Mostra dedicata a Palmira «No distruzione, ma poesia»
Shafik, artista egiziano, espone le sue opere a Palazzo della Ragione
«Ricerco il recupero simbolico dei luoghi archeologici, che sono la memoria dell’uomo, l’essenza della civiltà. Vorrei ricostruire metaforicamente Palmira, Palmira può essere ovunque, proprio perché per me simboleggia il recupero della civiltà, l’onda lunga del nostro essere umani e nel contempo la sua distruzione. Palmira è di tutti noi, anzi, Palmira siamo noi e non deve essere distrutta».

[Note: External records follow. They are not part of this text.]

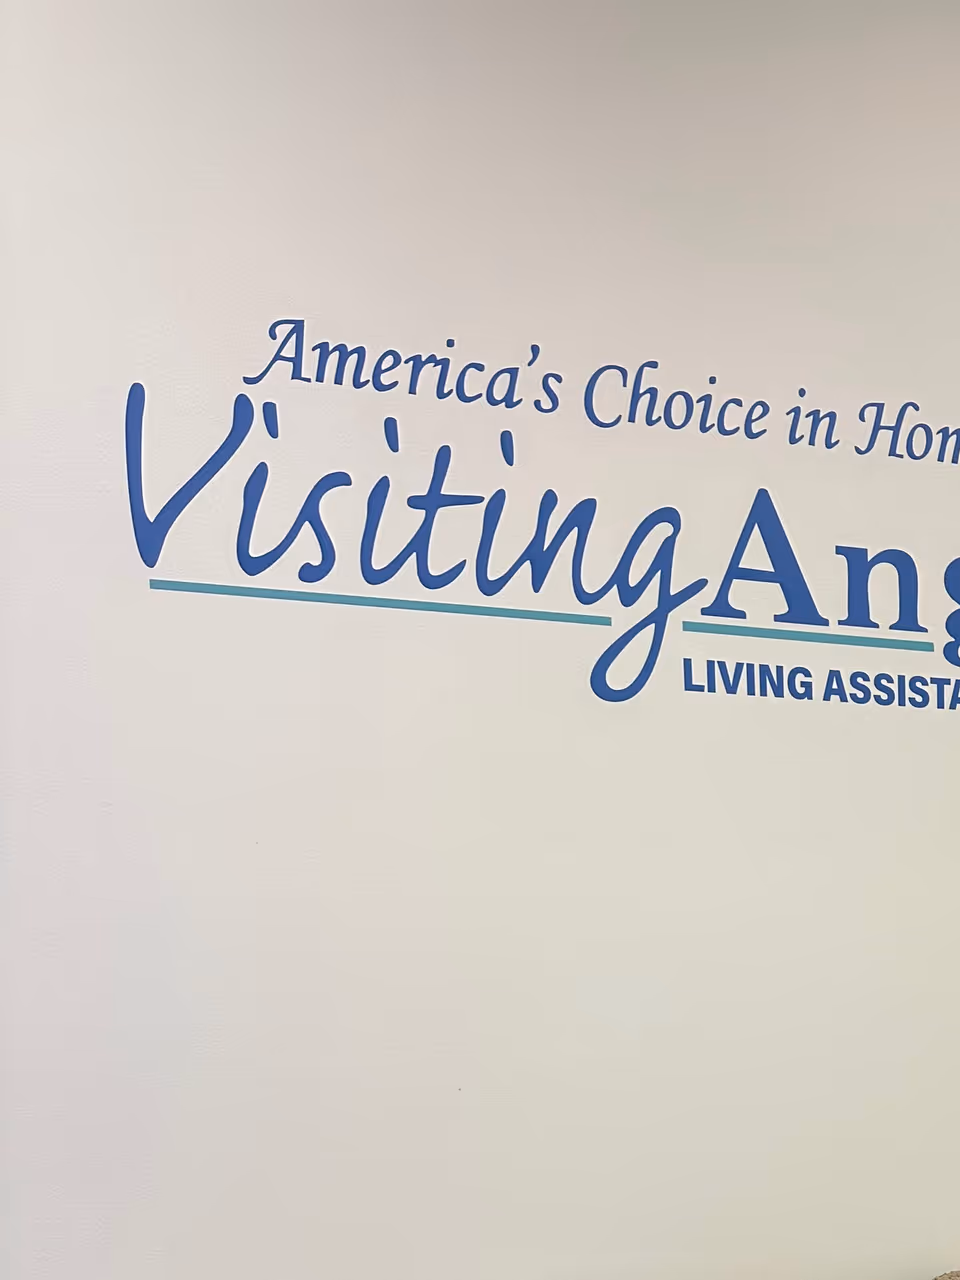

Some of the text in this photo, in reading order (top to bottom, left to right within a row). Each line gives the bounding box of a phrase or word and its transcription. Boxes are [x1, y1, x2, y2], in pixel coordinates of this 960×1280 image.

[243, 319, 562, 414] America's
[583, 361, 770, 440] Choice
[788, 389, 839, 450] in
[125, 382, 709, 703] Visiting
[683, 658, 813, 701] LIVING
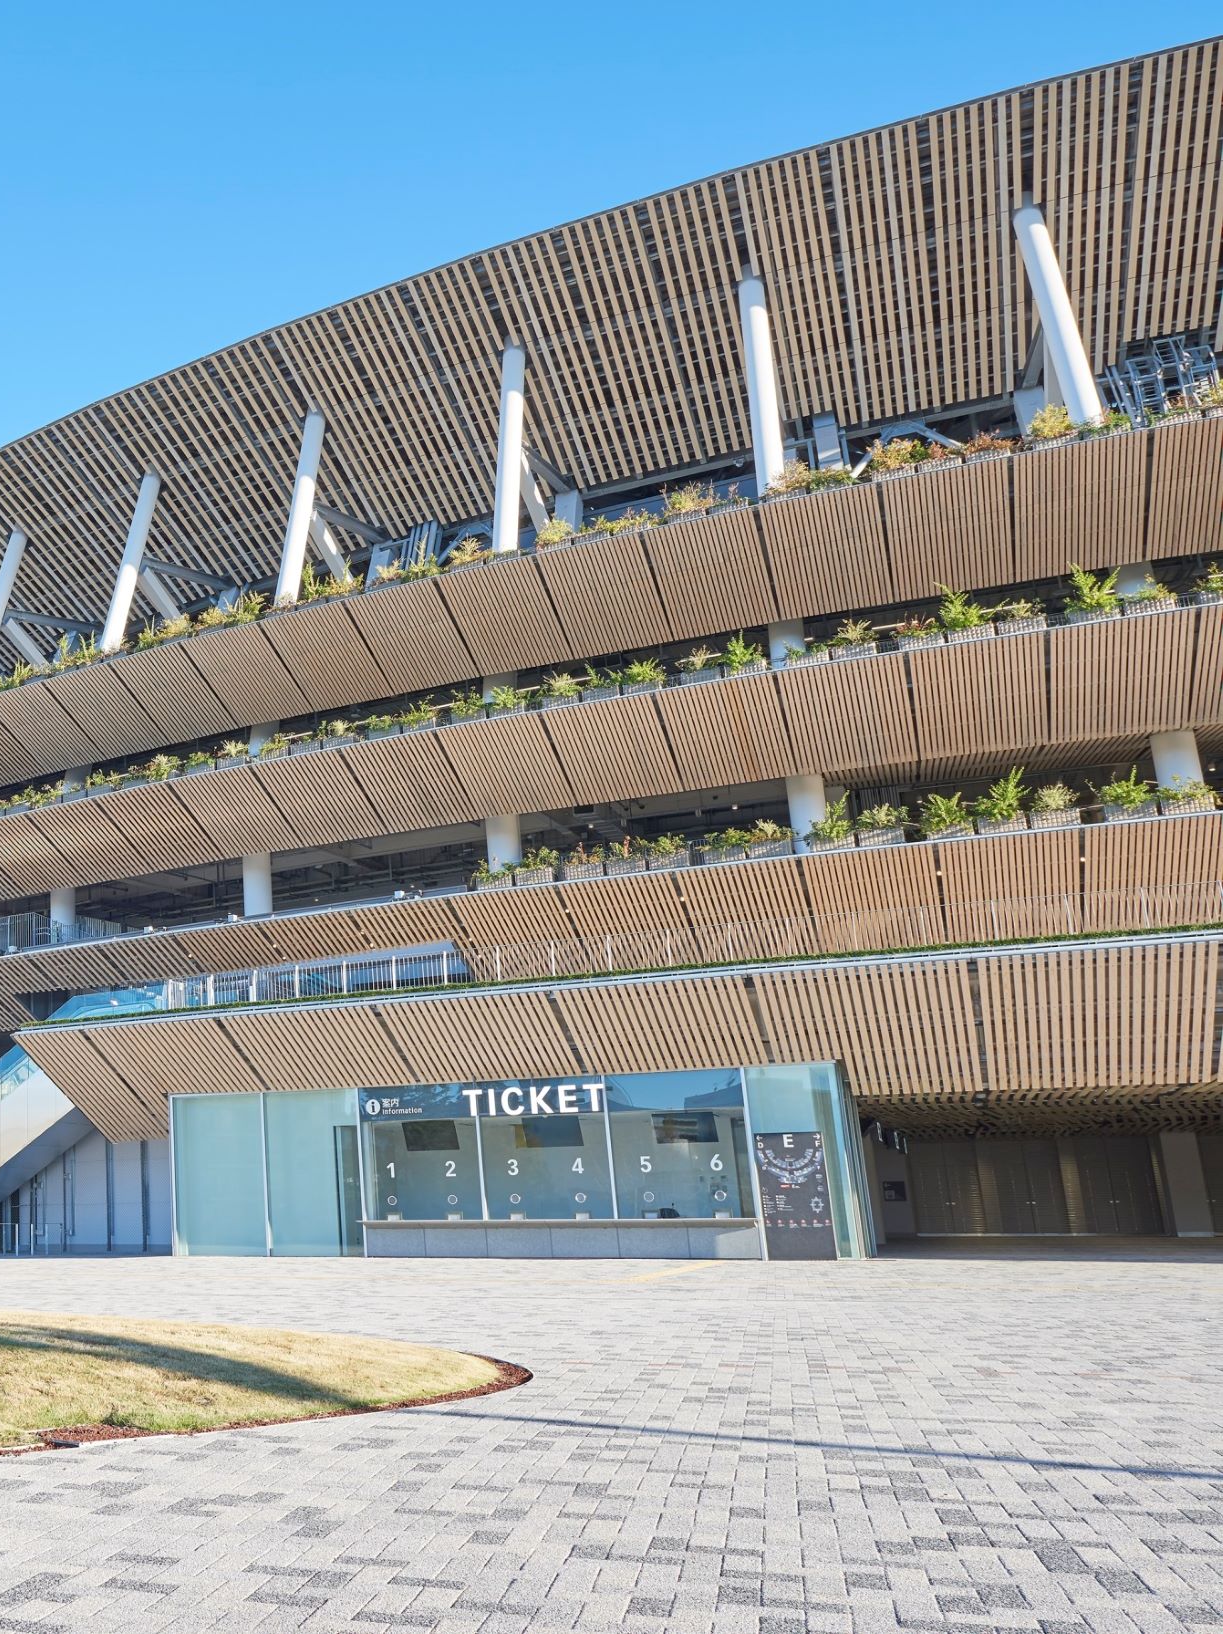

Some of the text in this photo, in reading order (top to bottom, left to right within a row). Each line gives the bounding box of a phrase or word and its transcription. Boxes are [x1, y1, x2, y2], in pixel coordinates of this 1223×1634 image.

[382, 1098, 399, 1107] 案内
[462, 1083, 605, 1117] TICKET
[757, 1141, 764, 1149] D
[782, 1133, 795, 1148] E
[814, 1140, 821, 1148] F
[386, 1162, 396, 1179] 1
[444, 1160, 457, 1177] 2
[507, 1158, 519, 1176] 3
[571, 1157, 584, 1174] 4
[639, 1155, 652, 1173] 5
[709, 1153, 723, 1171] 6

È questo l’accorato messaggio che Medhat Shafik, artista di origini egiziane, ma da quarant’anni residente in Italia, lancia attraverso l’installazione che sarà allestita a Palazzo della Ragione (dal 5 giugno fino a ottobre) e attraverso le opere che compongono la mostra «Palmira», da sabato alla galleria Marcorossi Artecontemporanea, nella sede di Verona (via Garibaldi, fino al 24 giugno) e in quella milanese di corso Venezia.

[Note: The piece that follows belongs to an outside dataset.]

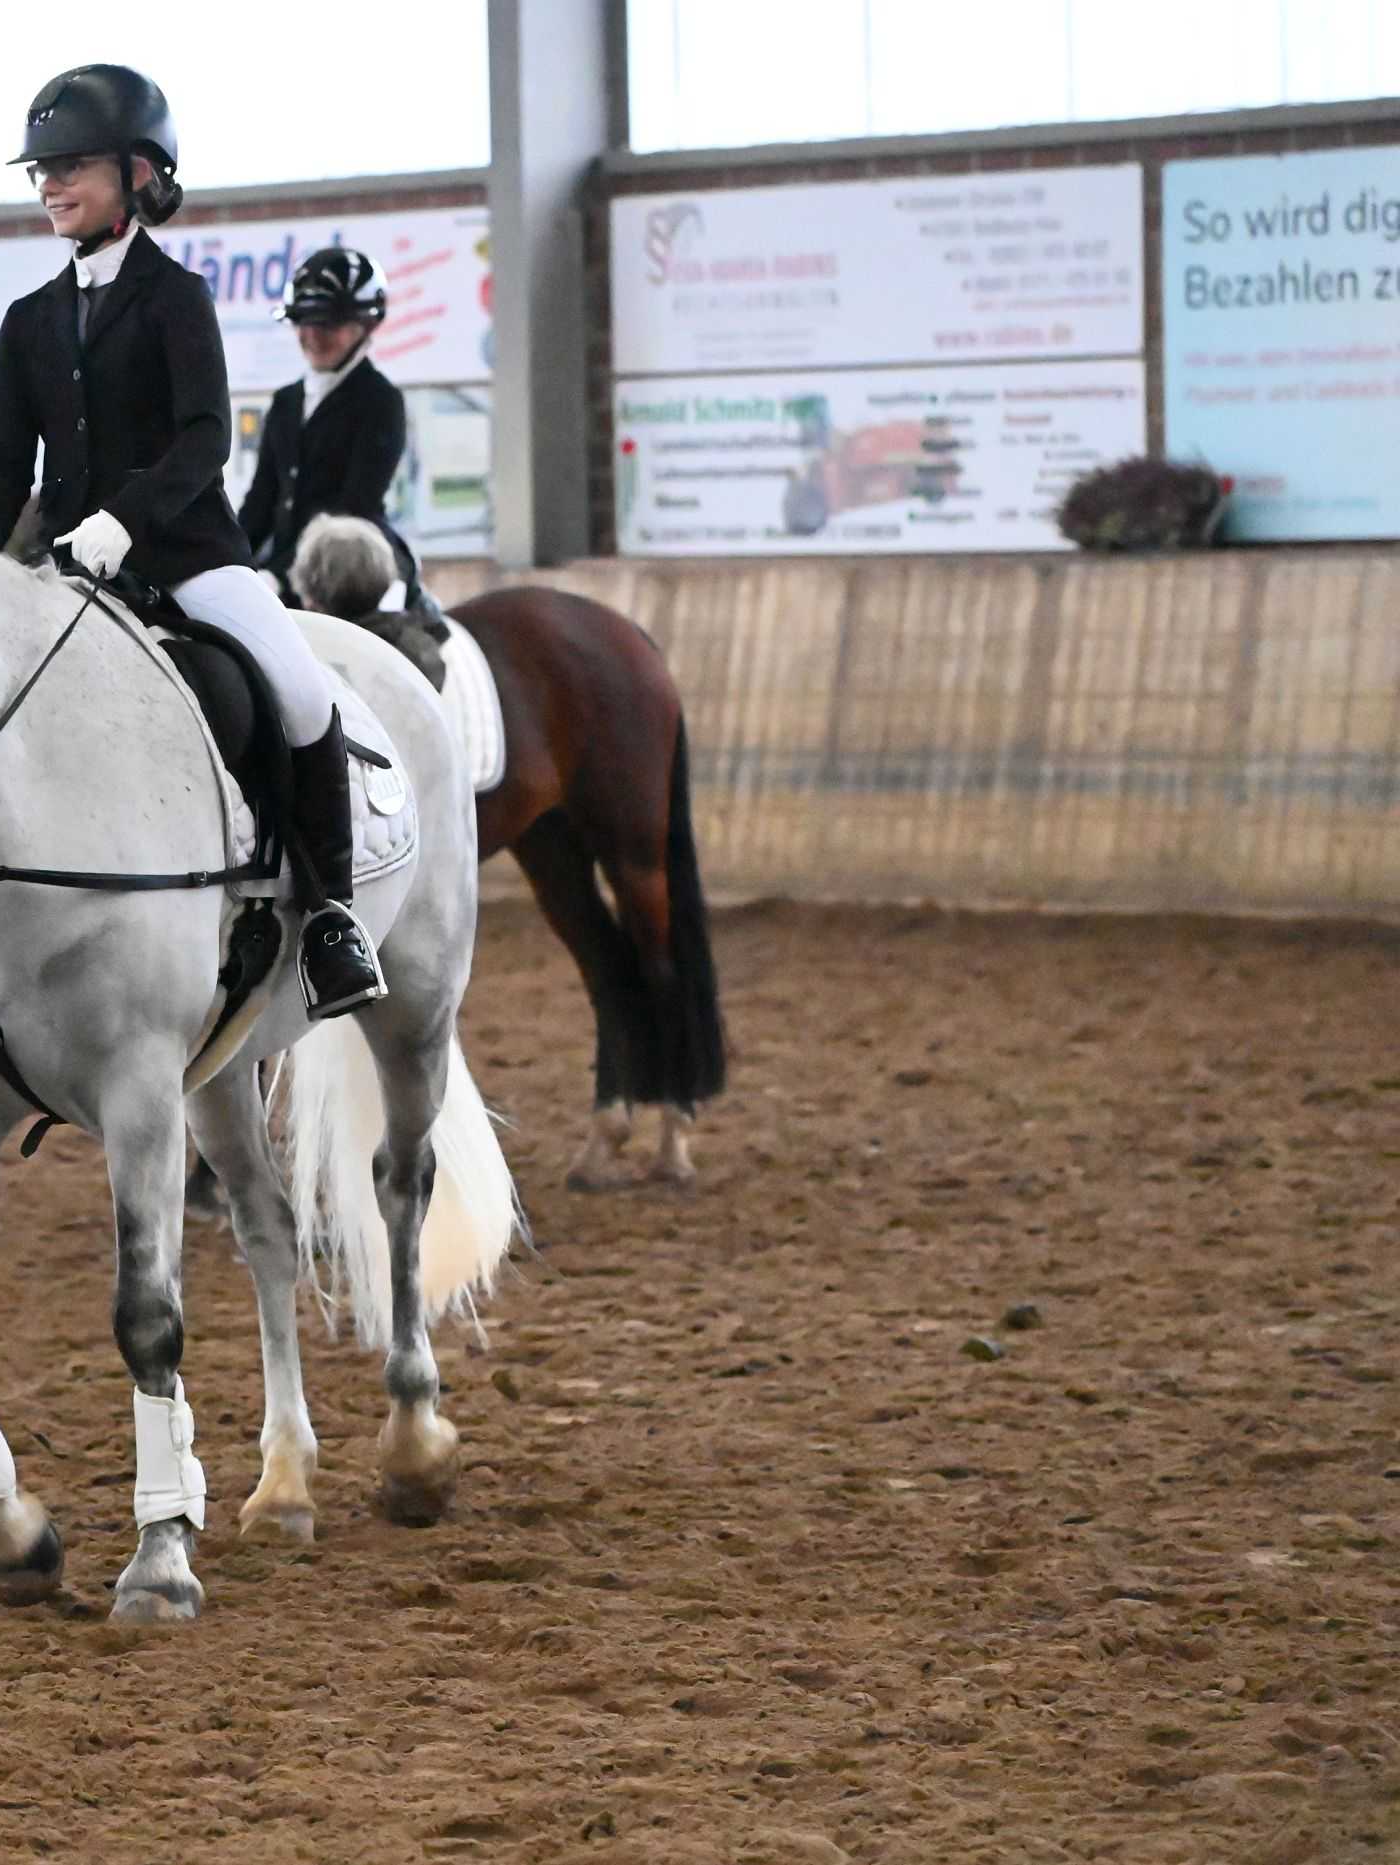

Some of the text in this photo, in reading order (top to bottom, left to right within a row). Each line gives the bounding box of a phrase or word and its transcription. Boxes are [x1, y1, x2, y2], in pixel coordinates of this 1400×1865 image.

[1183, 198, 1232, 244] So
[1242, 189, 1330, 238] wird
[1183, 256, 1360, 311] Bezahlen

La Palmira di Shafik non è descritta, ma piuttosto evocata, con quella particolare sensibilità per i toni e per la ricerca sui materiali - legni recuperati, pigmenti naturali, sabbie, gessi, fili di lana, garze che creano trasparenze e stratificazioni allusive - che conosciamo di questo artista. Shafik fu ospitato per una mostra personale («Le città invisibili») nel 2007 alla Galleria d’Arte Moderna Achille Forti, quando si trovava ancora nel palazzo omonimo, e una sua opera fece parte de «Il settimo splendore» (a cura di Giorgio Cortenova) per l’inaugurazione di Palazzo della Ragione nello stesso anno.

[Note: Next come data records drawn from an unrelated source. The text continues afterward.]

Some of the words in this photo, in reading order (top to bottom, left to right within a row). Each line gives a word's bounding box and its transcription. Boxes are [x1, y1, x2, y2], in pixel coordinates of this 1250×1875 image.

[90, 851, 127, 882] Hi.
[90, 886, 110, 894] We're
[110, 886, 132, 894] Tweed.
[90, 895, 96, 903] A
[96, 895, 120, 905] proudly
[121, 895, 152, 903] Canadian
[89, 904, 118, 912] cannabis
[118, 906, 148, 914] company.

Le opere del ciclo Palmira, realizzate in Sicilia appositamente per questa mostra dislocata tra Milano e Verona (a cura di Pietro Marani), non sono una rappresentazione degli eventi drammatici che hanno visto la distruzione di gran parte del patrimonio archeologico della città siriana chiamata «la sposa del deserto», ma una sua pura ricostruzione poetica. L’installazione a Palazzo della Ragione, nell’ambito dell’iniziativa Prima pAReTe a cura di Patrizia Nuzzo, sarà composta da un grande dittico e da possenti legni antichi. Legni che ritornano nel suo lavoro, come nell’opera «La bottega dell’Armeno» esposta in occasione della rassegna «Nel mezzo del mezzo» ideata nel 2015 da Christine Macel, attuale curatrice della Biennale veneziana appena inaugurata.